I walk everyday with my neighbor for one hour. I just completed a 5k race this past Saturday and I’m doing another one this Saturday and this Monday. I find that I will challenge myself if I’m walking in a 5k race and it’s always for a good cause!
I have started walking at the mall during the colder weather but now that it is getting nicer out I am walking the park. I am also doing sit ups. I have a goal of 20 pounds to lose by my 51 birthday in July. I can do it!!!!!!!!!!!!
I attend a body pump class at my local gym, which consists of free weight training and cardio.
I have been working out with a trainer for 6 months and I wanted to lose 10lbs.

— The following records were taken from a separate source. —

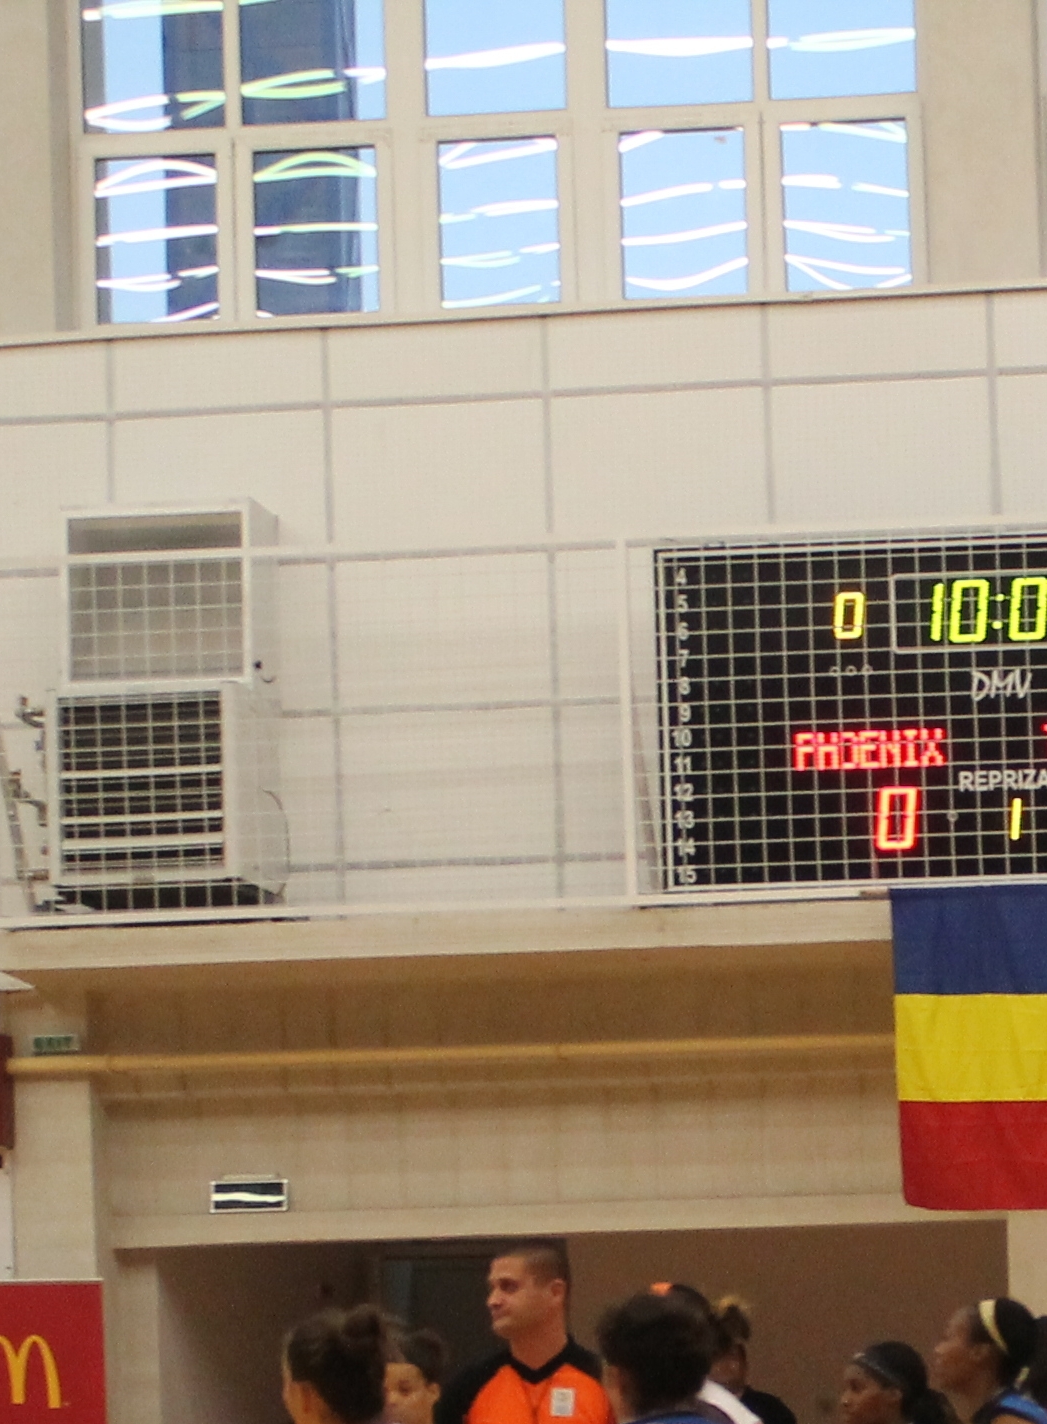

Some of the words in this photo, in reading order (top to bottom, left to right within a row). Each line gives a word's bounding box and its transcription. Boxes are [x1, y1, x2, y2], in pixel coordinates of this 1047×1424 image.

[676, 567, 687, 585] 4
[677, 593, 688, 613] 5
[833, 591, 865, 640] 0
[677, 621, 689, 641] 6
[678, 649, 689, 668] 7
[679, 676, 691, 695] 8
[970, 667, 1032, 701] DMV
[680, 703, 691, 722] 9
[672, 729, 692, 747] 10
[674, 755, 692, 773] 11
[674, 782, 694, 802] 12
[876, 786, 920, 850] 0
[1009, 797, 1022, 840] 1
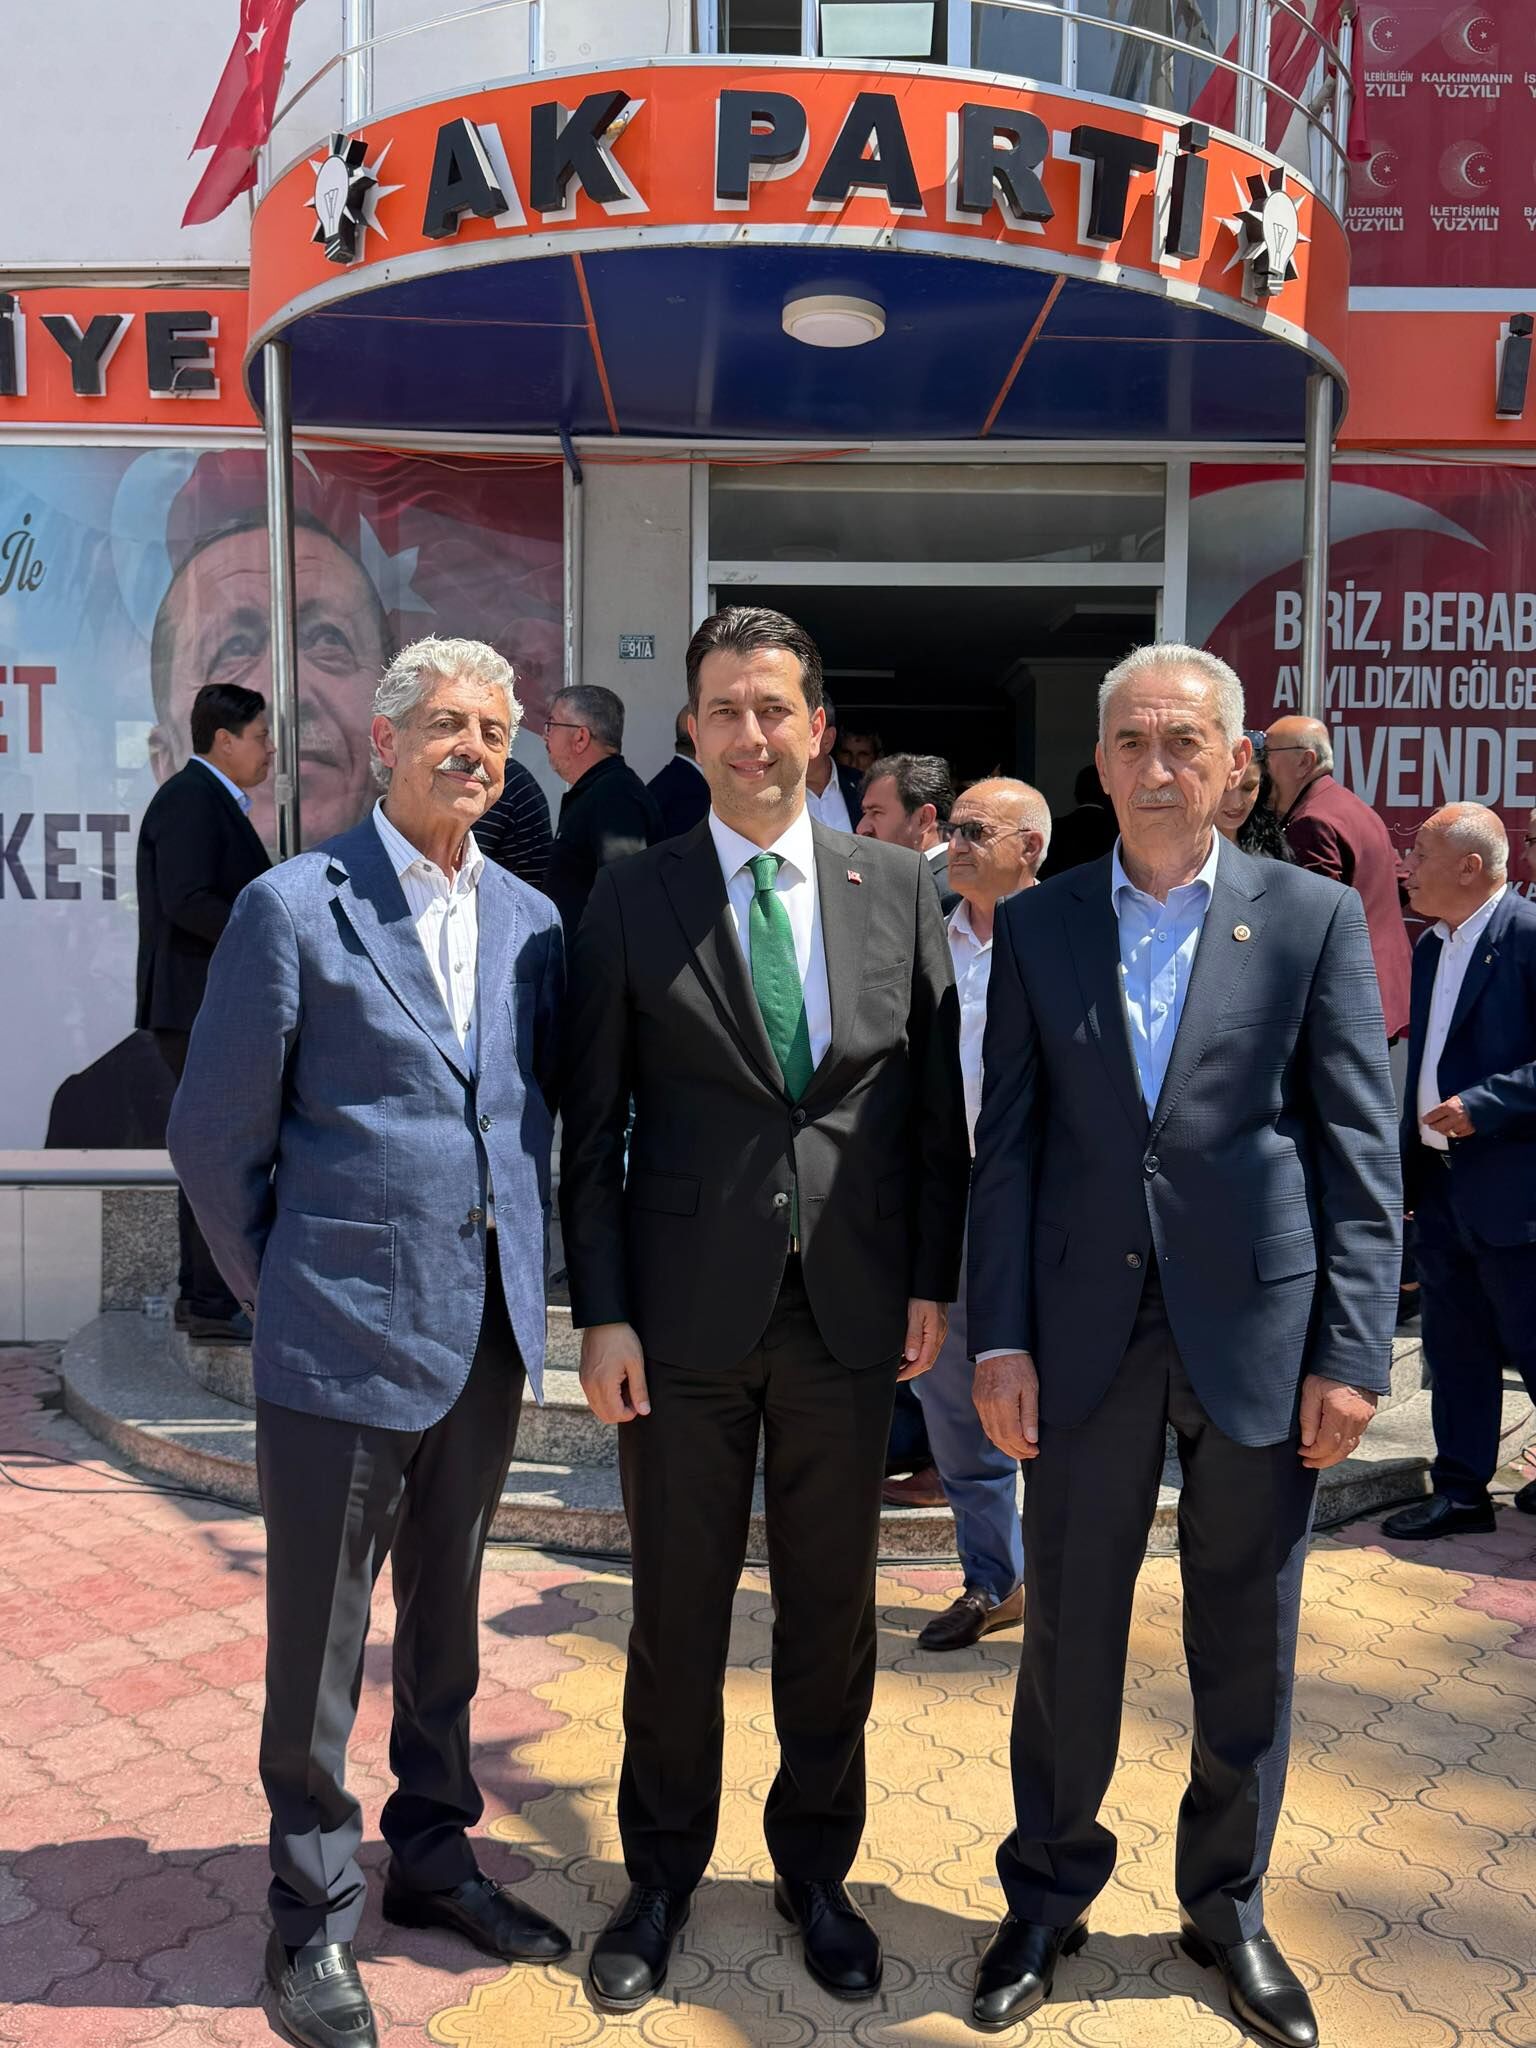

Well I only lost about 4 lbs, but what I did lose was inches… about 5 in my waist and almost 2 in my thighs. The muscle tone has vastly improved my body. Now I focus on cardio to drop the rest of the weight.
I’ve been running 5 days a week for about an hour a day and getting in some miles on the bike whenever the weather is nice enough:) Swimming is tough outside in Wisconsin…but triathlons are the new thing regardless! 18 months, down 40 pounds and feeling great.
I started lifting weights in December, for definition, and am in week two of strength training. So far so good. I like the obvious changes in my body. Upper body strength training and cardio are working for me so far. Whoo hoo!!
Started the biggest loser work out tapes and been consistently doing them for a month now. I can notice a big difference in muscle gain and feel less hungry during the day. Incorporated more fiber into diet as well.
With school & work I don’t have much time but with knowing how important being healthy & eating healthy is, i’ve learned to make time. I dance for my school 5 days a week, I have made a dance workout that I do atleast 3 times a week at home, everyday I try to eat some fruit with atleast 2 of my meals. I’ve been trying to get healthier food in my house for my family, so far… well lets just I need to keep up with pushing them to get better foods.
i lift weights 4 times a week. i also walk 2 miles a day.
I just started doing a half hour of walking every day 2 weeks ago this Sunday. I’ve done 2 big walks (3 miles or so). My son has these “perfect” push up things a trainer gave him and I starting with 8 push-ups a few nights ago. I’m going to try to work my way up but my arms are sore! I’ve got about 30 lbs to lose and I’ve been using the Kashi entrees to help me keep my calories under control. I’ve already lost 7 lbs!
I do 2 workouts (monday & wednesday) at lunch time at the gym and 1 night I am doing hoola hooping(really makes you sweat). Can really feel a differnce if I miss the classes. Just need to eat better at night stop the snacking!!
I walk two miles 5-6 mornings a week. I have just started weight training and have to find good exercises to use.
I have been walking everymorning with a friend for a half hour. I have also added 20 mins. on ball every night, after just 2 weeks I see a diffence! ust shows you a little at a time does work!
I take Sets and Reps and Crunch classes at the Y each week. Weight resistance not only pumps up my metabolism, but also my energy level and strength. I’ve found that it takes both weight training and cardio to reap a toned and a swimsuit-ready body!